Verbatim copy, pictures excluded: every line from the one with "Some of the words" through the final line of the data below, and no other line.

• RECORDS:
"""
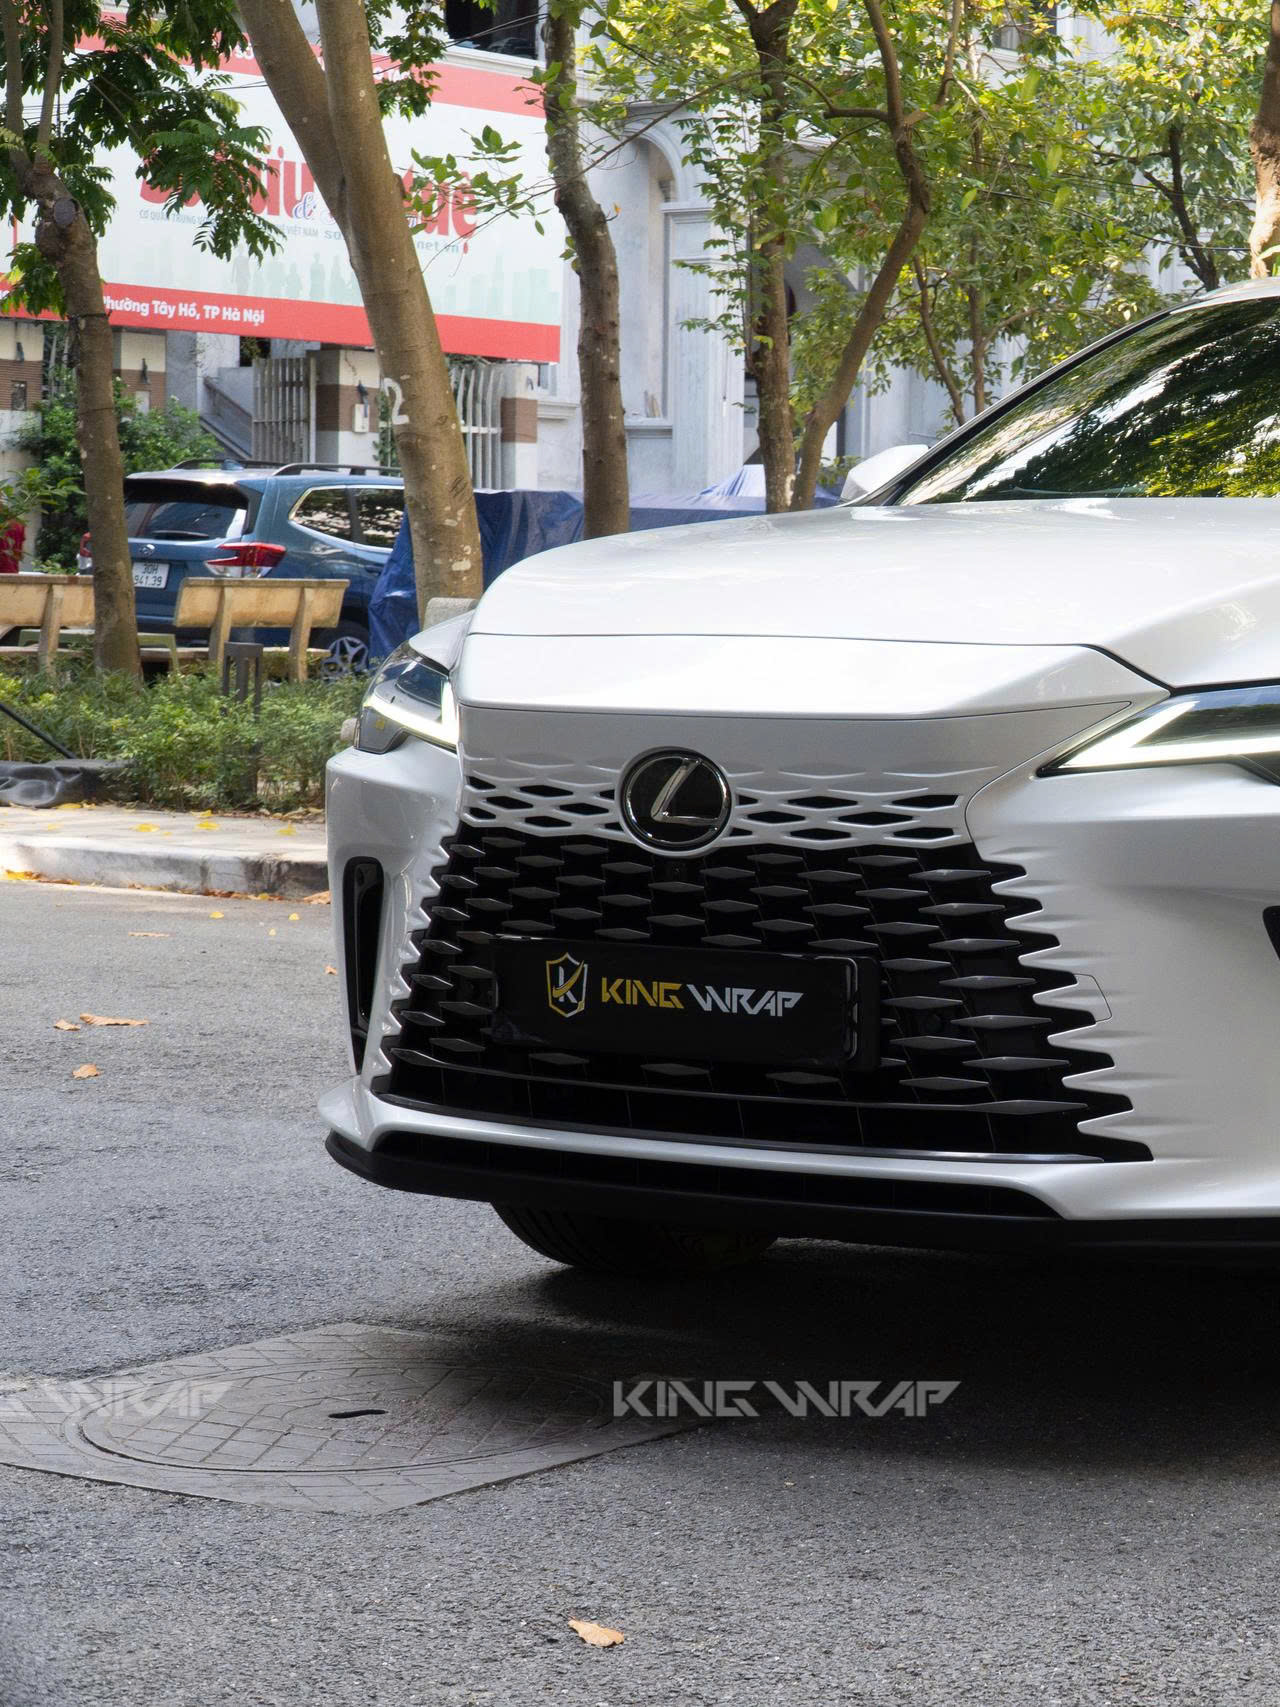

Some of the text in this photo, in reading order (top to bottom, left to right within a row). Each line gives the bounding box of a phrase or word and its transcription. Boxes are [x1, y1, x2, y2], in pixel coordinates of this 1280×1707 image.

[152, 300, 176, 319] Tây
[203, 305, 220, 318] TP
[222, 306, 240, 321] Hà
[243, 308, 265, 327] Nội
[601, 976, 804, 1017] KING WRAP
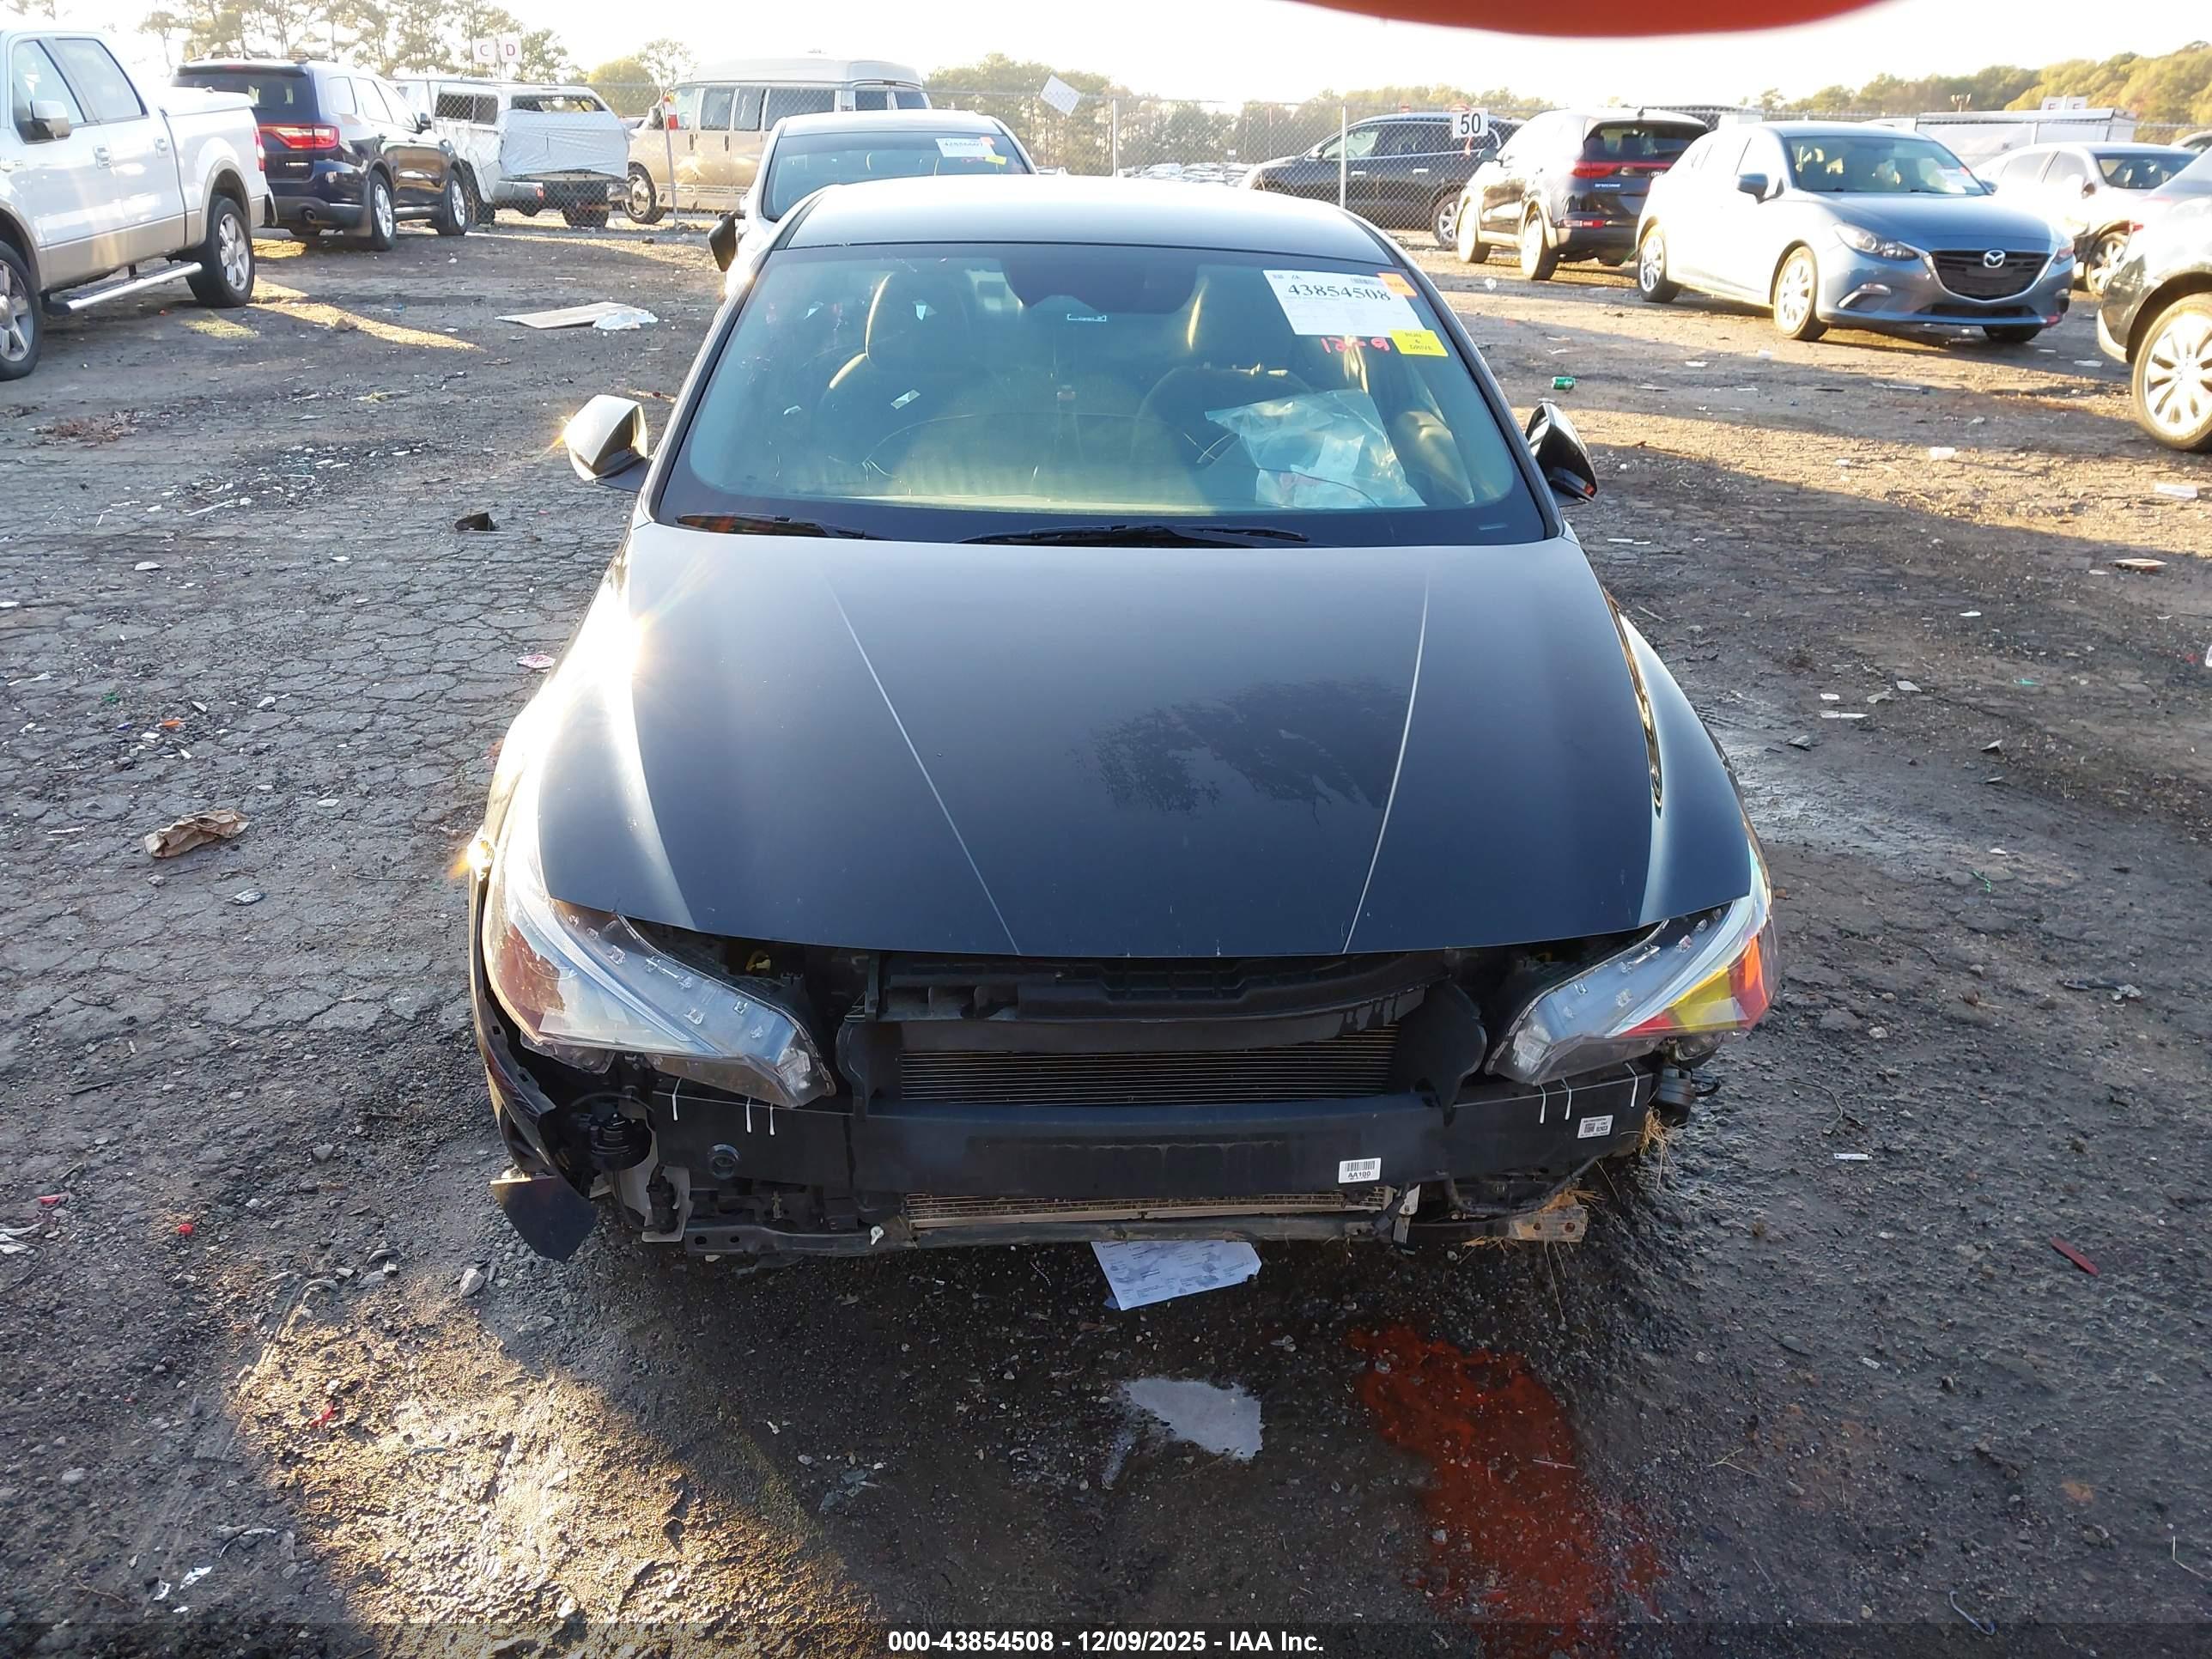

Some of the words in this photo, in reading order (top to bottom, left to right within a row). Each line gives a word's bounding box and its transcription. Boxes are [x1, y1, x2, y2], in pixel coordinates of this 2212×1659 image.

[480, 44, 489, 57] C
[506, 43, 515, 57] D
[1461, 112, 1481, 135] 50
[1288, 283, 1391, 301] 43854508
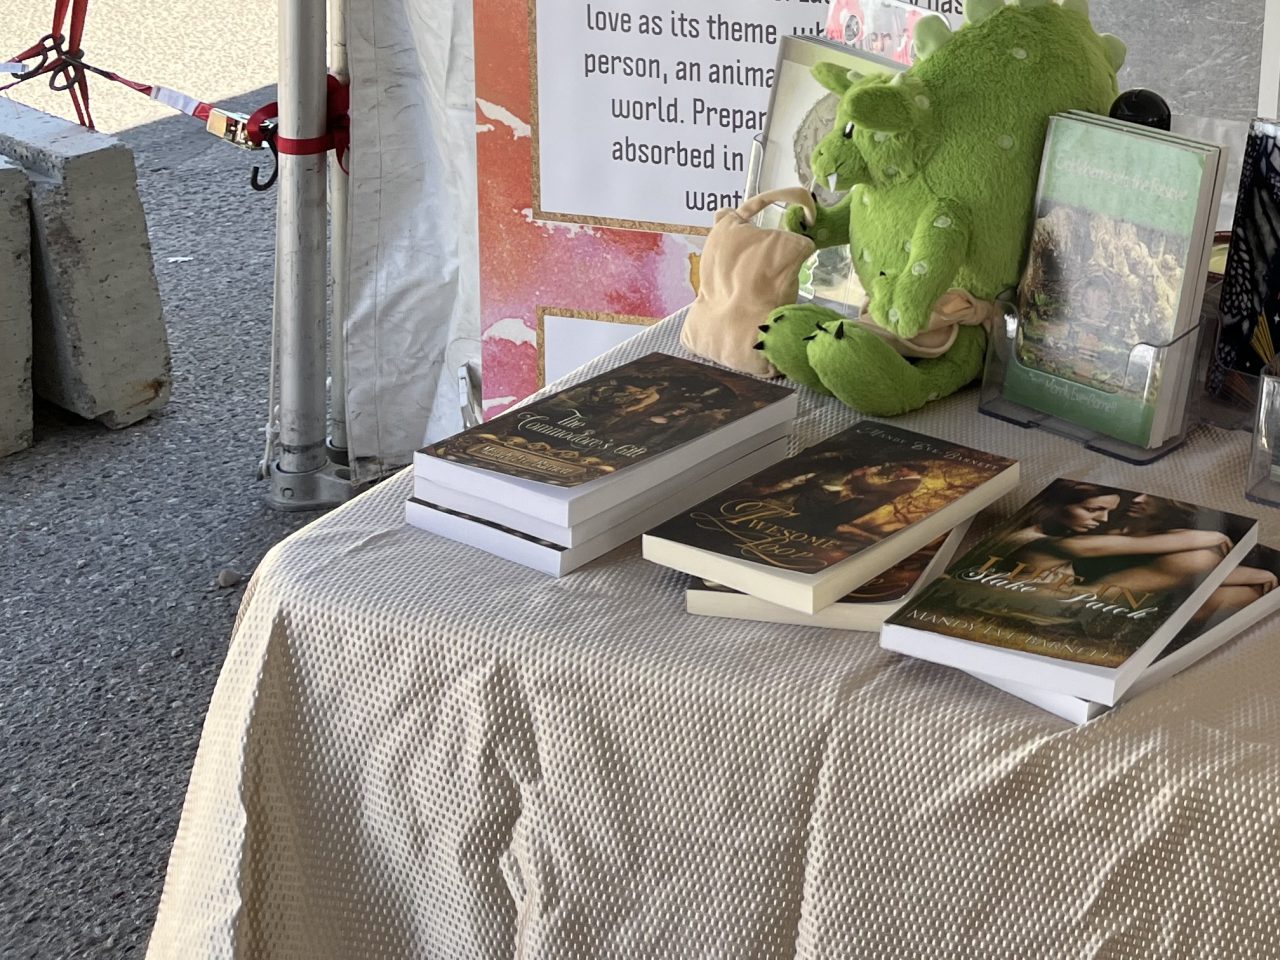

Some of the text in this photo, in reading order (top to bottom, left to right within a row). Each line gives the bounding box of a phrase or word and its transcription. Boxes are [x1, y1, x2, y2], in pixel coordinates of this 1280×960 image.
"""
• ANSWER TO THE EXERCISE:
Some of the words in this photo, in reading order (top to bottom, left to right within a row). Each line gives a word's bounding box and its transcription. Boxes are [x1, y1, x2, y2], in pixel coordinates of this 2212×1659 image.

[480, 44, 489, 57] C
[506, 43, 515, 57] D
[1461, 112, 1481, 135] 50
[1288, 283, 1391, 301] 43854508

Some of the text in this photo, in reading order (top to bottom, left to right within a row). Each line gives the bounding box of a phrase or word and its transcription. Boxes are [x1, y1, x2, y2], in pixel coordinates of this 1280×960 image.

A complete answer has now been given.